La tendencia se refleja con nitidez absoluta cada vez que se realiza una compulsa entre los argentinos más jóvenes: muchos de ellos visualizan la ida del país como el escape ideal de todos los problemas que aquí padecen, y sólo en alguna nación del afortunado Primer Mundo conciben como posible la concreción de una vida con reales perspectivas de alcanzar la felicidad. Esa impronta volvió a reflejarse en una nota publicada poco tiempo atrás por La Capital en la cual se recogía el testimonio de tres personas que, más allá del arco de edad que recorrían -iba de los 22 a los 41 años-, confirmaron que muchas cosas pueden separarlas, pero las une la convicción de que el trabajo que acaban de conseguir en la isla italiana de Cerdeña es el esbozo de una solución para su futuro.

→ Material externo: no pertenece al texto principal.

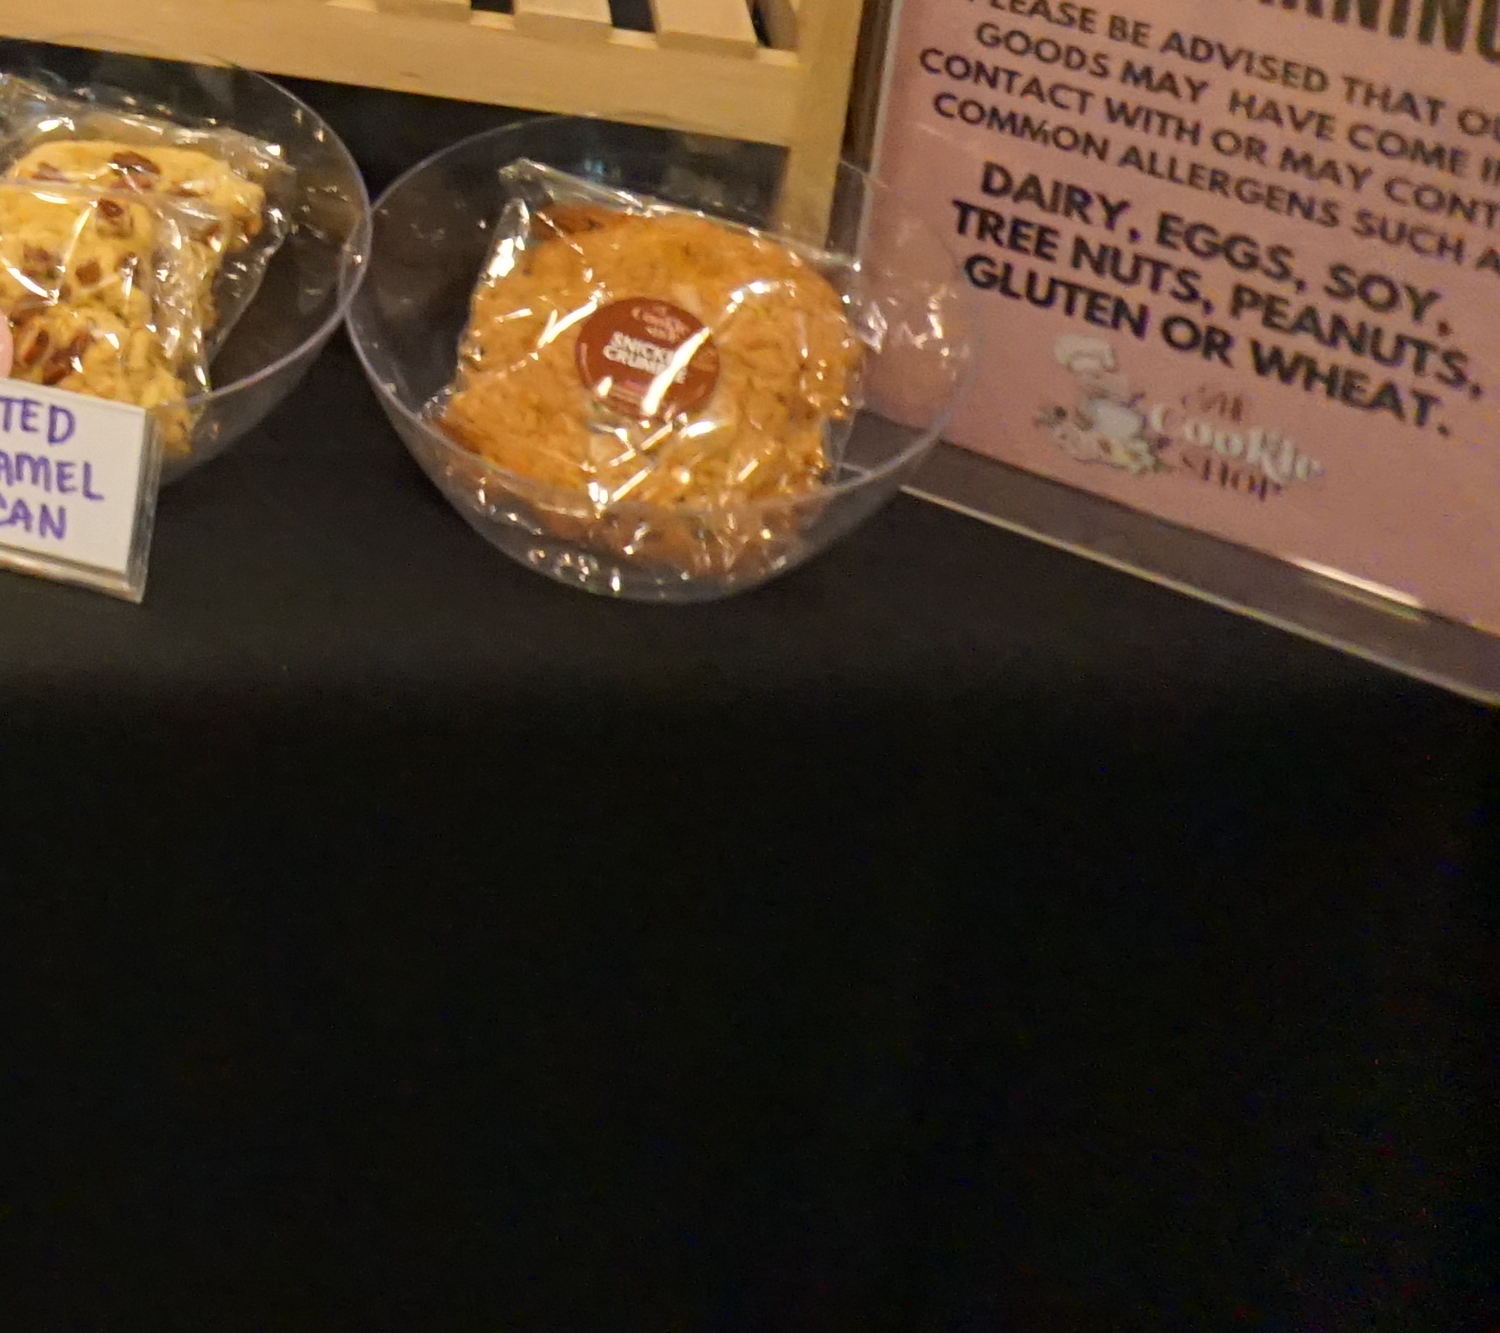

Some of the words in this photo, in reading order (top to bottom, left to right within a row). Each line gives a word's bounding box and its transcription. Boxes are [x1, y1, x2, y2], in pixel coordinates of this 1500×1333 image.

[920, 46, 1094, 116] CONTACT
[1104, 96, 1201, 147] WITH
[1211, 127, 1268, 165] OR
[1280, 149, 1374, 192] MAY
[976, 22, 1110, 80] GOODS
[1121, 60, 1213, 103] MAY
[1228, 89, 1334, 142] HAVE
[1347, 122, 1466, 176] COME
[1108, 12, 1150, 47] BE
[1161, 31, 1329, 95] ADVISED
[1344, 74, 1446, 125] THAT
[933, 91, 1110, 163] COMMON
[1117, 143, 1343, 229] ALLERGENS
[1353, 209, 1467, 267] SUCH
[980, 161, 1143, 244] DAIRY,
[1156, 212, 1306, 292] EGGS,
[952, 199, 1059, 262] TREE
[1072, 237, 1216, 315] NUTS,
[1230, 285, 1485, 399] PEANUTS,
[965, 254, 1148, 340] GLUTEN
[1161, 318, 1233, 366] OR
[1250, 341, 1455, 438] WHEAT.

Adrián, Marcelo y Carlos fueron, en ese sentido, sumamente explícitos. Ninguno de los tres expresó siquiera la menor preocupación por los atentados terroristas que conmueven al mundo desarrollado y, por el contrario, hicieron hincapié en las notorias dificultades que viene sufriendo el país en el que viven, y donde dos de ellos nacieron. Claro que, desde su perspectiva personal, eso parece lógico: el desempleo o la precariedad laboral han signado hasta hoy sus vidas y ahora han firmado un contrato por seis meses donde, a cambio de su esfuerzo, recibirán casa, comida, aportes sociales y un salario mensual aproximado de seiscientos pesos, más la codiciada posibilidad de radicarse en Europa definitivamente. En contrapeso con ello deberán abandonar su patria, algo que es mucho más, sin dudas, que un simple documento de identidad: familia, afectos y lugares queridos, más todo un contexto cultural intransferible, quedan reunidos en esa breve palabra.
Las causas que impulsan a tantos jóvenes al exilio han quedado expuestas con claridad en el párrafo precedente: son de raíz material, similares a las que trajeron a muchos de sus abuelos hacia este lejano rincón del mundo a fines del siglo diecinueve o principios del veinte. Pero simultáneamente, y esto es lo más doloroso, pareciera que en muchos casos -no en los tres ya expuestos- la resolución de partir se vincula con un sentimiento casi metafísico de escepticismo y decepción, casi como si la Argentina fuera un país al cual la noción de porvenir le resultara ajena.
Y para que ese porvenir sea real, primero debe aparecer, aunque más no fuera como imagen ideal, en el espíritu de sus habitantes. Algo que, aunque haya fuertes razones que lo justifiquen, por ahora no se vislumbra. Y es una verdadera pena.